__Extracted records__:
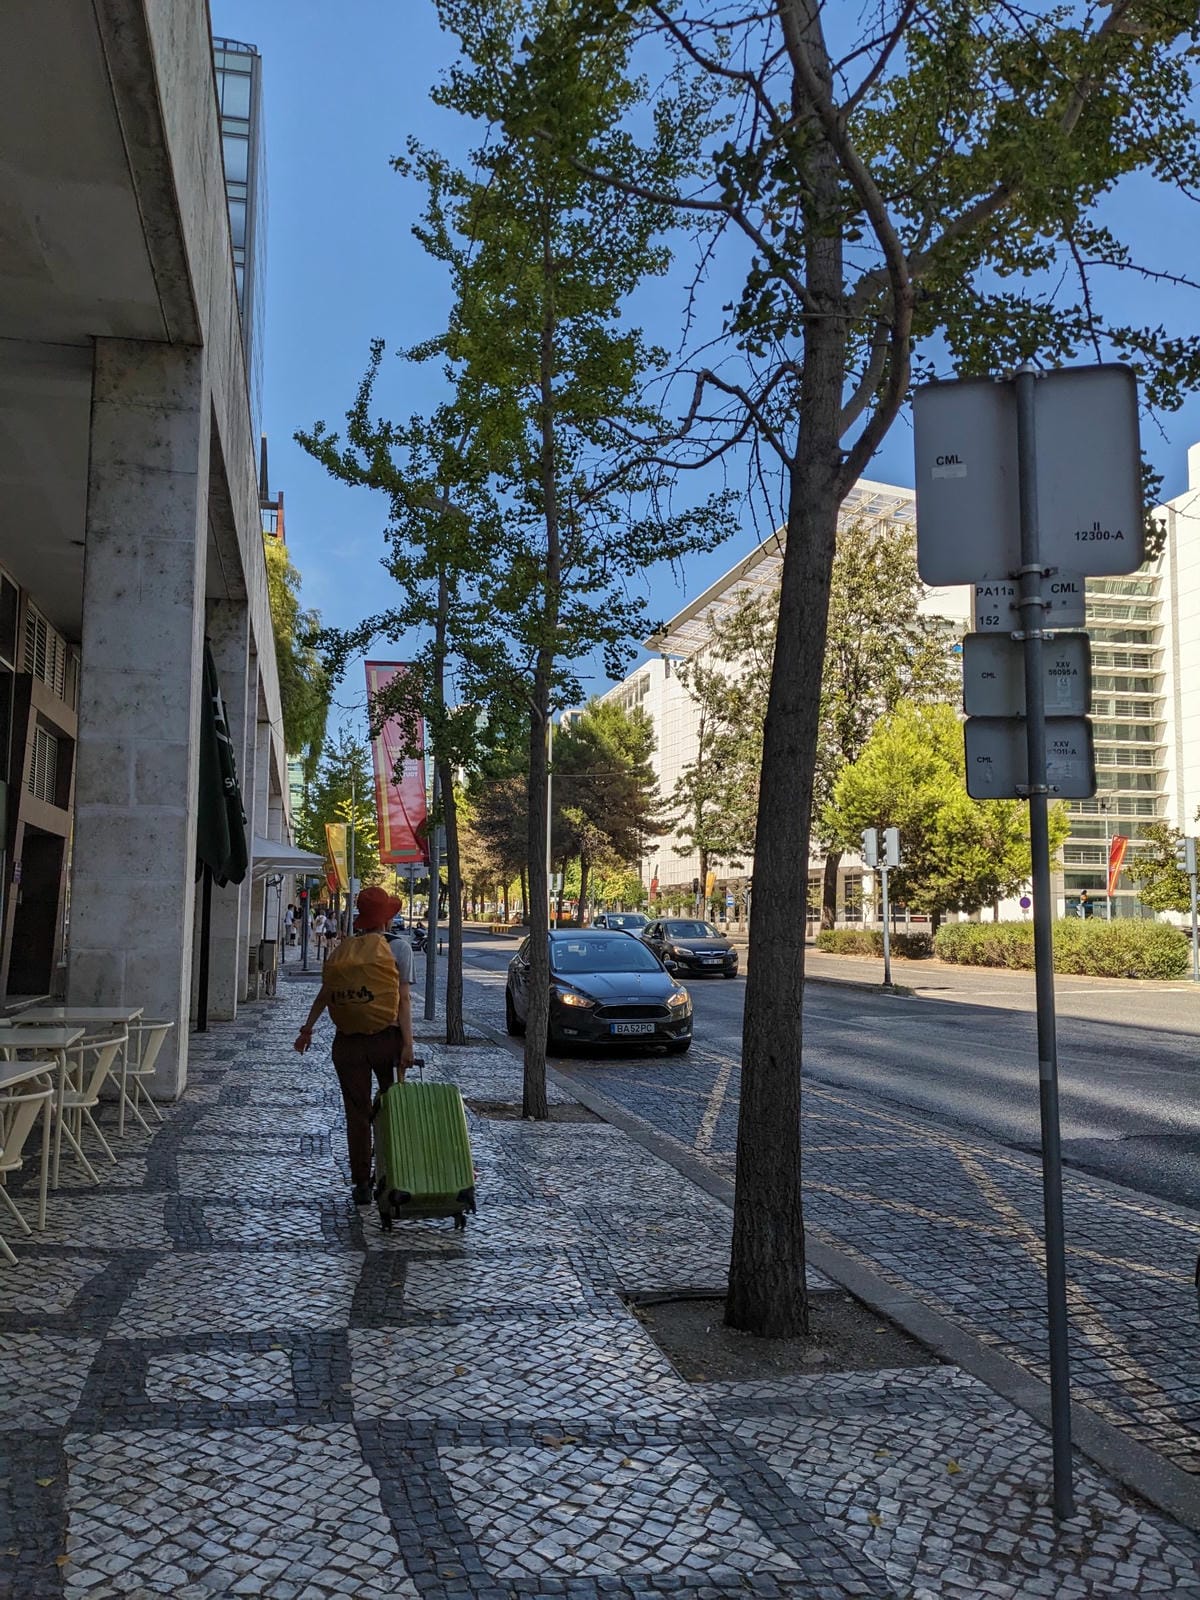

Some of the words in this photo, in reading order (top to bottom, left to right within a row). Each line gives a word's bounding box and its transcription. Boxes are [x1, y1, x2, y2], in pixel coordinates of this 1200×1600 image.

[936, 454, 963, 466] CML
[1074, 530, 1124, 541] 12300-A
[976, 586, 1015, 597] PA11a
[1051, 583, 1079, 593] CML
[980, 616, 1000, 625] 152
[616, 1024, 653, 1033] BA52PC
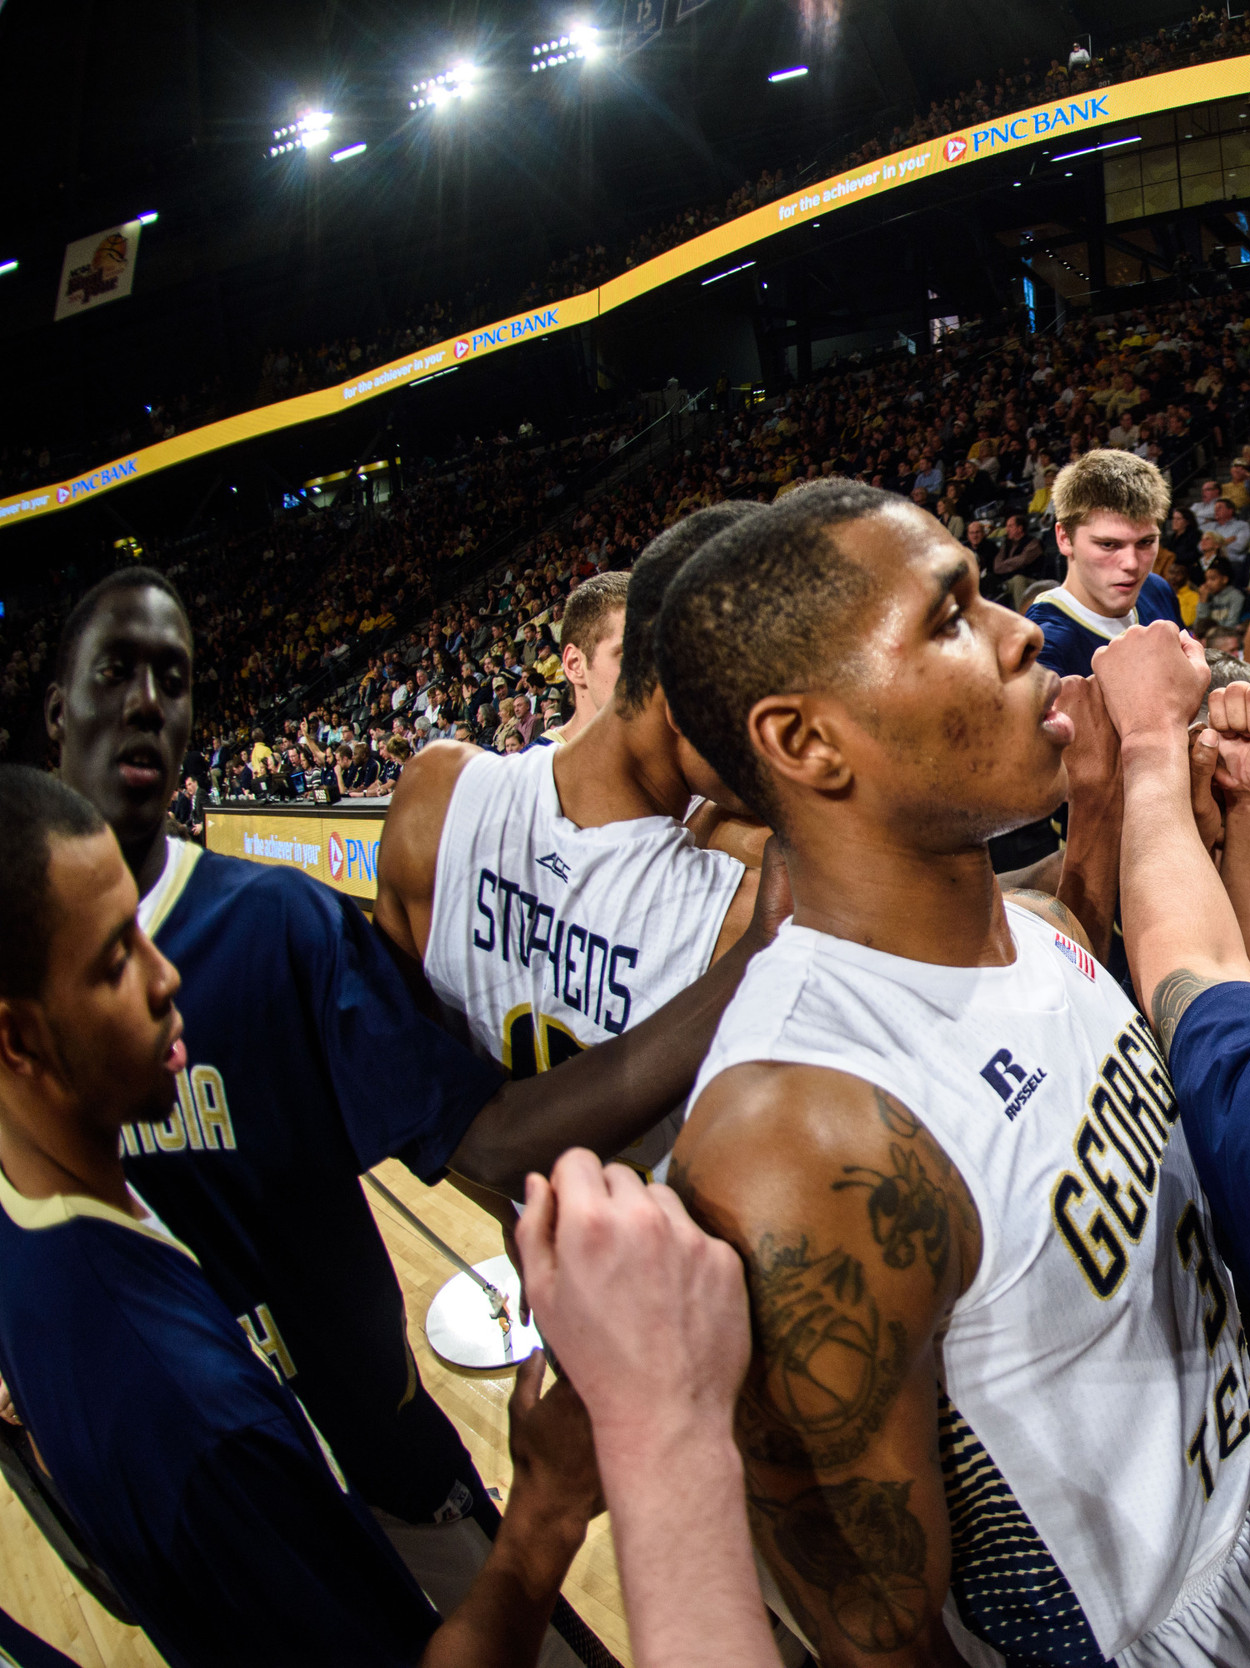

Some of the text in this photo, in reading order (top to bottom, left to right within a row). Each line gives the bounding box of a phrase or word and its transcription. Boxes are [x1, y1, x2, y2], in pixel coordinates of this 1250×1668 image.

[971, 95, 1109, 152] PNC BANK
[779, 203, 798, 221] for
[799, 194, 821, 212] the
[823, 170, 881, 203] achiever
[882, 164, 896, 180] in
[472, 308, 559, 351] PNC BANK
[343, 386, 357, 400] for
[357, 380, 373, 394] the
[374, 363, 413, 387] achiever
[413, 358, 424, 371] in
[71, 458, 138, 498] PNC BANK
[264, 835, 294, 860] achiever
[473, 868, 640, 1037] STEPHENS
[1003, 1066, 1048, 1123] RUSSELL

__Brief__:
Only the pictures stay behind; everything else in the data above is to be retyped exactly.

__Answer to this task__:
Some of the words in this photo, in reading order (top to bottom, left to right within a row). Each line gives a word's bounding box and its transcription. Boxes are [x1, y1, x2, y2], in pixel coordinates of this 1200×1600 image.

[936, 454, 963, 466] CML
[1074, 530, 1124, 541] 12300-A
[976, 586, 1015, 597] PA11a
[1051, 583, 1079, 593] CML
[980, 616, 1000, 625] 152
[616, 1024, 653, 1033] BA52PC

Some of the text in this photo, in reading order (top to bottom, left to right within a row). Each line gives the bounding box of a phrase or word and its transcription. Boxes are [x1, y1, x2, y2], in pixel coordinates of this 1250×1668 image.

[971, 95, 1109, 152] PNC BANK
[779, 203, 798, 221] for
[799, 194, 821, 212] the
[823, 170, 881, 203] achiever
[882, 164, 896, 180] in
[472, 308, 559, 351] PNC BANK
[343, 386, 357, 400] for
[357, 380, 373, 394] the
[374, 363, 413, 387] achiever
[413, 358, 424, 371] in
[71, 458, 138, 498] PNC BANK
[264, 835, 294, 860] achiever
[473, 868, 640, 1037] STEPHENS
[1003, 1066, 1048, 1123] RUSSELL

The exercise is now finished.